La corsa della Fed e delle altre Banche Centrali

La maggiore debolezza dei dati macroeconomici statunitensi potrebbe causare un primo rallentamento dei rialzi dei tassi da parte della Federal Reserve (Fed) consentendo potenzialmente alle altre Banche Centrali di recuperare terreno.
Fed


La maggiore debolezza dei dati macroeconomici statunitensi potrebbe causare un primo rallentamento dei rialzi dei tassi da parte della Federal Reserve (Fed) consentendo potenzialmente alle altre Banche Centrali di recuperare terreno.

Fondamentali
Ogni ciclista sa che staccarsi dal gruppo è estremamente faticoso. Lo sforzo per iniziare la fuga e distanziare gli altri ciclisti è spesso di breve durata poichè il gruppo può raggiungere il corridore solitario riportandolo al suo interno. Lo stesso vale per le Banche Centrali e i cicli di inasprimento. Sono trascorsi sei mesi da quando la Fed ha dato fuoco alle polveri e ha iniziato ad attuare una stretta monetaria. Tuttavia, ci sono alcuni segnali che l’economia statunitense stia iniziando a dar prova di stanchezza: in agosto, l’offerta di lavoro è calata drasticamente e il tasso di risparmio delle famiglie è sceso al minimo degli ultimi 17 anni. È ancora prematuro, ma alla fine i contraccolpi provocati dal maggiore costo del denaro potrebbero costringere la Fed a rallentare il ritmo della stretta monetaria, offrendo potenzialmente alle altre Banche Centrali la possibilità di raggiungerla. Rispetto agli Stati Uniti, sia l’Eurozona che il Regno Unito sono stati lenti nell’innalzare i tassi; tuttavia l’inflazione a doppia cifra, accentuata dai forti deprezzamenti delle rispettive valute, dovrebbe verosimilmente innescare una risposta significativa da parte della Banca Centrale Europea (BCE) e della Banca d’Inghilterra nei mesi a venire.

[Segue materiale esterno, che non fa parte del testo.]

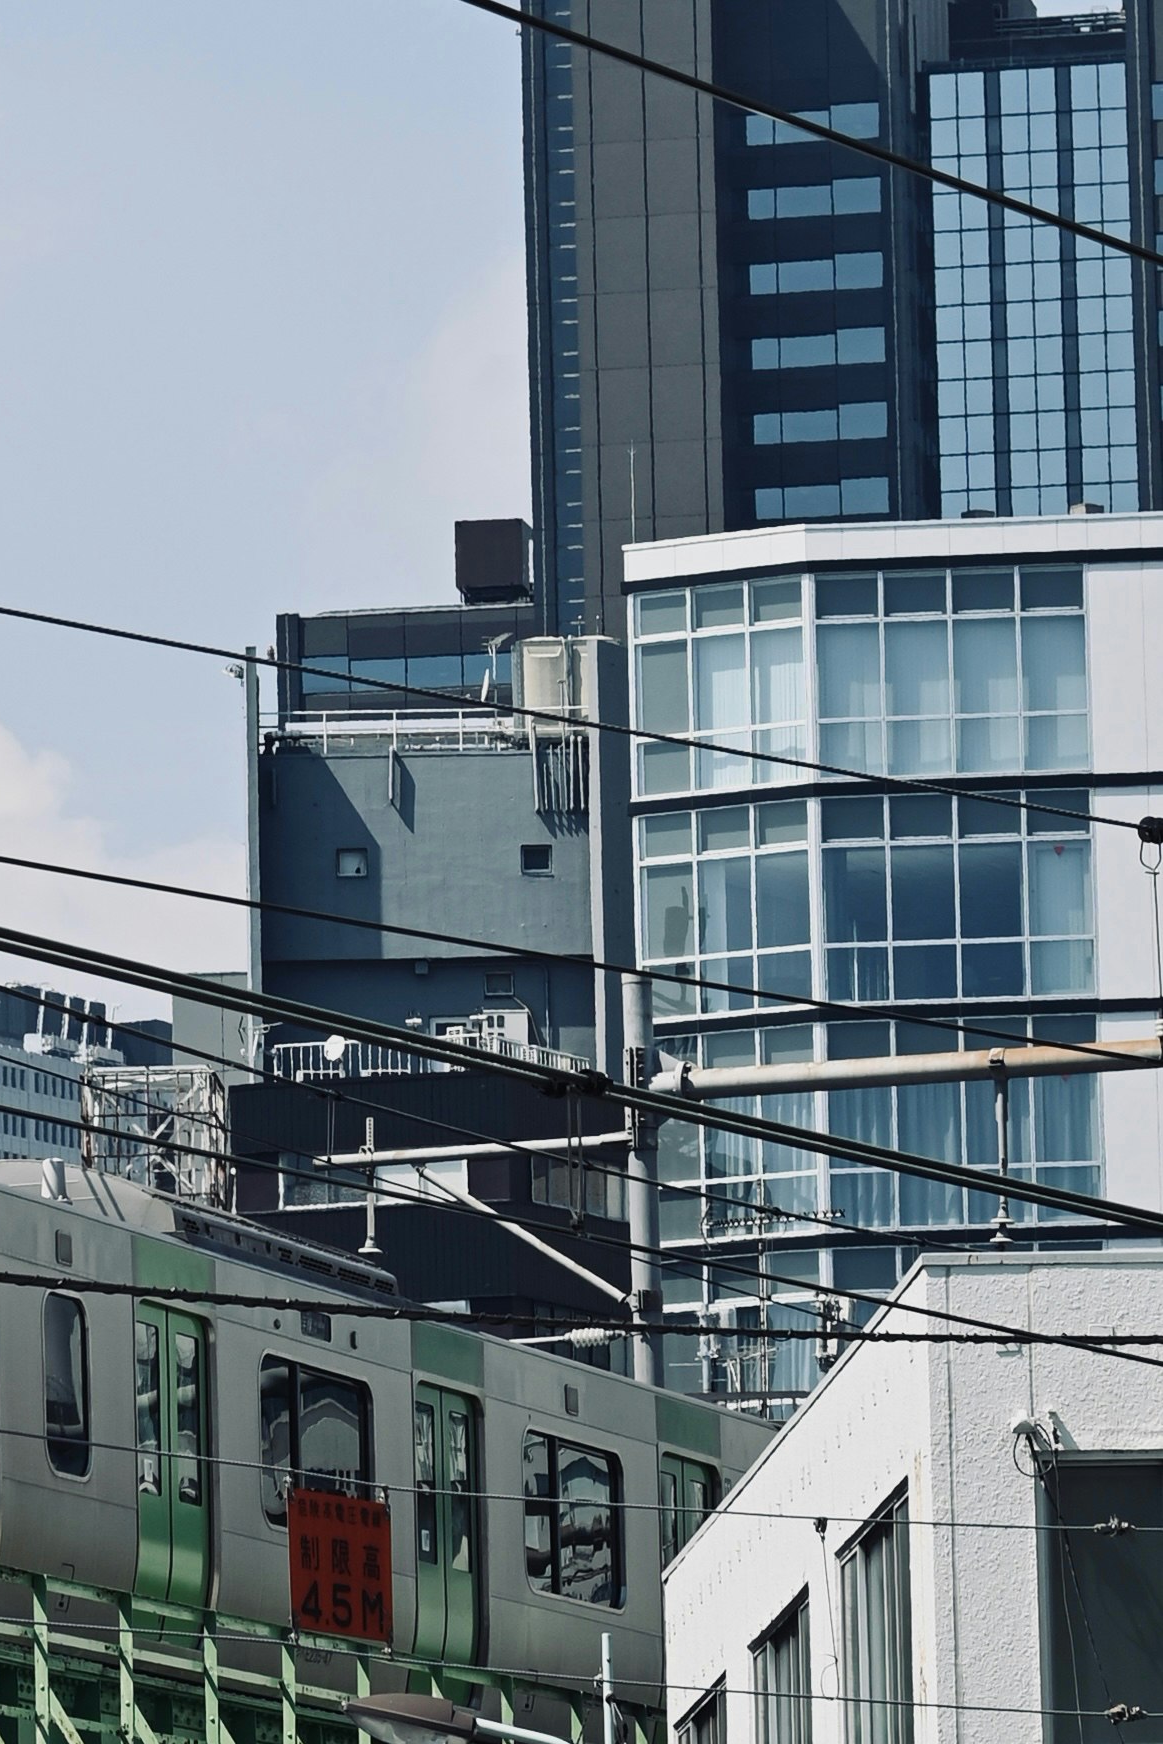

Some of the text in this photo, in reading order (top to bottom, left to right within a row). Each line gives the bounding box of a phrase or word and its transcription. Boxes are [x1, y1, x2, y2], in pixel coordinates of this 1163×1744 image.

[299, 1534, 382, 1581] 制限高
[301, 1580, 384, 1634] 4.5M
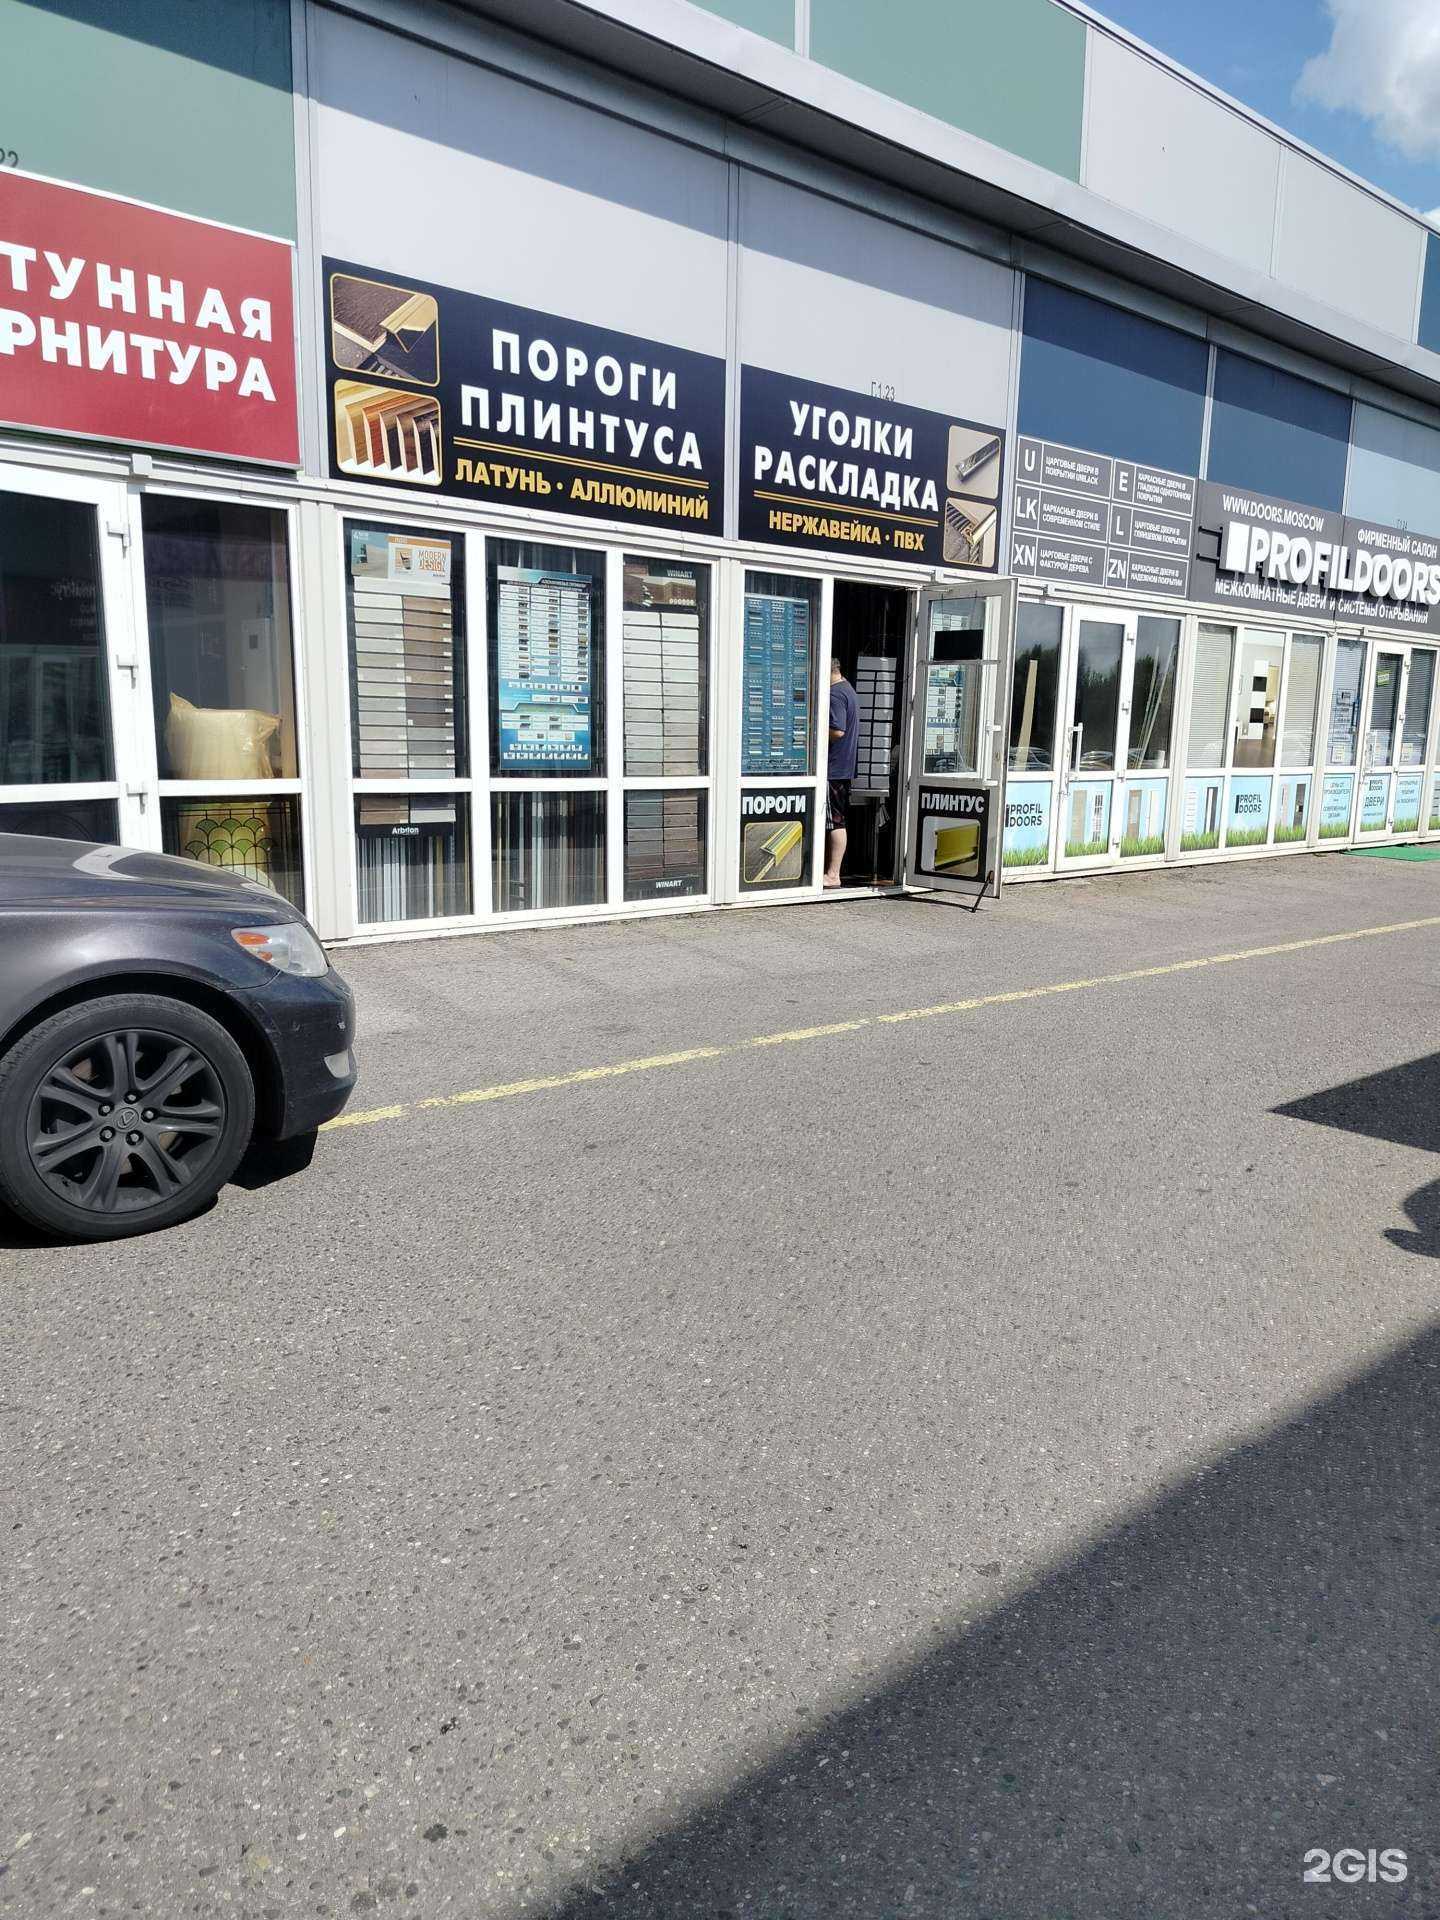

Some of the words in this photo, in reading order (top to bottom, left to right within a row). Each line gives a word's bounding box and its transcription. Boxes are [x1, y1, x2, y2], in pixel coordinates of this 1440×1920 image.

[0, 240, 272, 342] ТУННАЯ
[492, 328, 677, 410] ПОРОГИ
[460, 384, 702, 469] ПЛИНТУСА
[789, 400, 913, 460] УГОЛКИ
[1024, 449, 1036, 472] U
[455, 458, 551, 495] ЛАТУНЬ
[570, 478, 709, 520] АЛЛЮМИНИЙ
[754, 445, 939, 512] РАСКЛАДКА
[1118, 471, 1129, 492] E
[1016, 496, 1037, 520] LK
[1222, 494, 1325, 532] WWW.DOORS.MOSCOW
[769, 510, 881, 545] НЕРЖАВЕЙКА
[893, 530, 925, 552] ПВХ
[1115, 516, 1124, 536] L
[1013, 543, 1036, 567] XN
[1357, 528, 1411, 553] ФИРМЕННЫЙ
[1411, 540, 1438, 558] САЛОН
[1107, 558, 1127, 580] ZN
[1248, 526, 1440, 606] PROFILDOORS
[1296, 591, 1328, 610] ДВЕРИ
[1338, 598, 1378, 617] СИСТЕМЫ
[742, 795, 806, 814] ПОРОГИ
[921, 793, 985, 813] ПЛИНТУС
[1010, 803, 1043, 815] PROFIL
[1239, 804, 1262, 813] DOORS
[1240, 794, 1262, 803] PROFIL
[1009, 816, 1042, 827] DOORS

Oltre ai rialzi dei tassi, la BCE sta anche discutendo la possibilità di ridimensionare il proprio portafoglio obbligazionario – attualmente di EUR 5.000 miliardi – nei primi mesi del 2023, una mossa che potrebbe ridurre ulteriormente la distanza che la separa dalla Fed.

Valutazioni quantitative

Uno degli sviluppi macroeconomici più vistosi è stato il forte apprezzamento del Dollaro statunitense nel corso dello scorso anno, dovuto all’indipendenza energetica degli Stati Uniti. Un’attenuazione della crisi energetica potrebbe far stabilizzare il biglietto verde e cominciare ad attrarre nuovamente flussi di capitale verso altre regioni. Una classe di attivo che potrebbe beneficiare dalla stabilità del Dollaro è il debito dei Mercati Emergenti. Un Dollaro più forte potrebbe creare problemi alle economie emergenti che, solitamente, hanno non solo una quota del proprio debito sovrano denominata in questa valuta, ma anche bisogno di importare beni e materie prime anch’essi scambiati in Dollari. Mentre una maggiore stabilità del biglietto verde dovrebbe contribuire a supportare i fondamentali dei Mercati Emergenti, le valutazioni di questa classe di attivo – e in particolare del debito emergente in valuta locale – sembrano relativamente convenienti. Nei Mercati Emergenti, molte Banche Centrali sono state tra le prime a fronteggiare l’aumento dell’inflazione e i mercati regionali dei titoli di Stato offrono rendimenti interessanti, soprattutto in America Latina e in alcune parti dell’Asia.

Fattori tecnici

I perduranti timori sulla crisi energetica europea e il livello relativamente alto dei tassi d’interesse negli Stati Uniti hanno spinto gli investitori a trovare rifugio nel biglietto verde facendo, di conseguenza, crescere in misura significativa gli afflussi di capitale in attivi denominati in Dollari. Se è vero che la divergenza tra le politiche monetarie della Fed e delle altre Banche Centrali potrebbe gradualmente ridursi nei prossimi mesi, è anche vero che le autorità non sono ancora pronte ad abbassare la guardia nei confronti dell’inflazione. Nel complesso, la stretta monetaria globale proseguirà, il che spiega probabilmente perché gli investitori hanno continuato a stare alla larga dai mercati obbligazionari e perché la duration dei portafogli obbligazionari continua a essere in sottopeso rispetto ai dati storici.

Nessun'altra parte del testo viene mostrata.